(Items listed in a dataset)
· · · ·

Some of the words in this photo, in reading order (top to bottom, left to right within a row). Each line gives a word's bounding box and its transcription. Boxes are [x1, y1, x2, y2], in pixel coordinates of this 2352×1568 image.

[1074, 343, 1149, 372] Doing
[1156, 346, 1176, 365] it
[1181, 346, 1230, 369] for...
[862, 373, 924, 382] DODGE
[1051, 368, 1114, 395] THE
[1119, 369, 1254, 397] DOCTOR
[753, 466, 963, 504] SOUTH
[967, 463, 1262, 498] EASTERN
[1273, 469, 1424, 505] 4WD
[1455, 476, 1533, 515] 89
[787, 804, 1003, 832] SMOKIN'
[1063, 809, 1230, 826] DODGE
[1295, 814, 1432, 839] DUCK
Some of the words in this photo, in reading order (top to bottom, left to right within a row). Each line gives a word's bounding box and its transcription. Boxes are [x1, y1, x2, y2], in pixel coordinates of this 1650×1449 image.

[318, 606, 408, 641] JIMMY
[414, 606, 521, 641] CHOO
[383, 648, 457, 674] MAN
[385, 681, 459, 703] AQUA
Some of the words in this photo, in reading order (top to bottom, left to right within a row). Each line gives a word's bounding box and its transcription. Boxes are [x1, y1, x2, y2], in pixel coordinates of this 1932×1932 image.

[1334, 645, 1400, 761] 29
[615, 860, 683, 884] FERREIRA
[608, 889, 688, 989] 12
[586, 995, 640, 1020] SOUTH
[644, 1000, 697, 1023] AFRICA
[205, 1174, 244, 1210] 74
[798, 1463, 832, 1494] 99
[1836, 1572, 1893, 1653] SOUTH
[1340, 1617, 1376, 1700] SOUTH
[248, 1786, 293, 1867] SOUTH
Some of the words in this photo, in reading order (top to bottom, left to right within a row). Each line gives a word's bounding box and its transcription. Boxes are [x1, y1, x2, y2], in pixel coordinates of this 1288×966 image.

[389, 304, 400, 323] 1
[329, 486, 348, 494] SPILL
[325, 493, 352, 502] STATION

· · · ·

## [EXERCISE OBJECTIVE]
Every record, copied exactly, is the expected answer.

## [WRITTEN ANSWER]
Some of the words in this photo, in reading order (top to bottom, left to right within a row). Each line gives a word's bounding box and its transcription. Boxes are [x1, y1, x2, y2], in pixel coordinates of this 2352×1568 image.

[1074, 343, 1149, 372] Doing
[1156, 346, 1176, 365] it
[1181, 346, 1230, 369] for...
[862, 373, 924, 382] DODGE
[1051, 368, 1114, 395] THE
[1119, 369, 1254, 397] DOCTOR
[753, 466, 963, 504] SOUTH
[967, 463, 1262, 498] EASTERN
[1273, 469, 1424, 505] 4WD
[1455, 476, 1533, 515] 89
[787, 804, 1003, 832] SMOKIN'
[1063, 809, 1230, 826] DODGE
[1295, 814, 1432, 839] DUCK
Some of the words in this photo, in reading order (top to bottom, left to right within a row). Each line gives a word's bounding box and its transcription. Boxes are [x1, y1, x2, y2], in pixel coordinates of this 1650×1449 image.

[318, 606, 408, 641] JIMMY
[414, 606, 521, 641] CHOO
[383, 648, 457, 674] MAN
[385, 681, 459, 703] AQUA
Some of the words in this photo, in reading order (top to bottom, left to right within a row). Each line gives a word's bounding box and its transcription. Boxes are [x1, y1, x2, y2], in pixel coordinates of this 1932×1932 image.

[1334, 645, 1400, 761] 29
[615, 860, 683, 884] FERREIRA
[608, 889, 688, 989] 12
[586, 995, 640, 1020] SOUTH
[644, 1000, 697, 1023] AFRICA
[205, 1174, 244, 1210] 74
[798, 1463, 832, 1494] 99
[1836, 1572, 1893, 1653] SOUTH
[1340, 1617, 1376, 1700] SOUTH
[248, 1786, 293, 1867] SOUTH
Some of the words in this photo, in reading order (top to bottom, left to right within a row). Each line gives a word's bounding box and its transcription. Boxes are [x1, y1, x2, y2], in pixel coordinates of this 1288×966 image.

[389, 304, 400, 323] 1
[329, 486, 348, 494] SPILL
[325, 493, 352, 502] STATION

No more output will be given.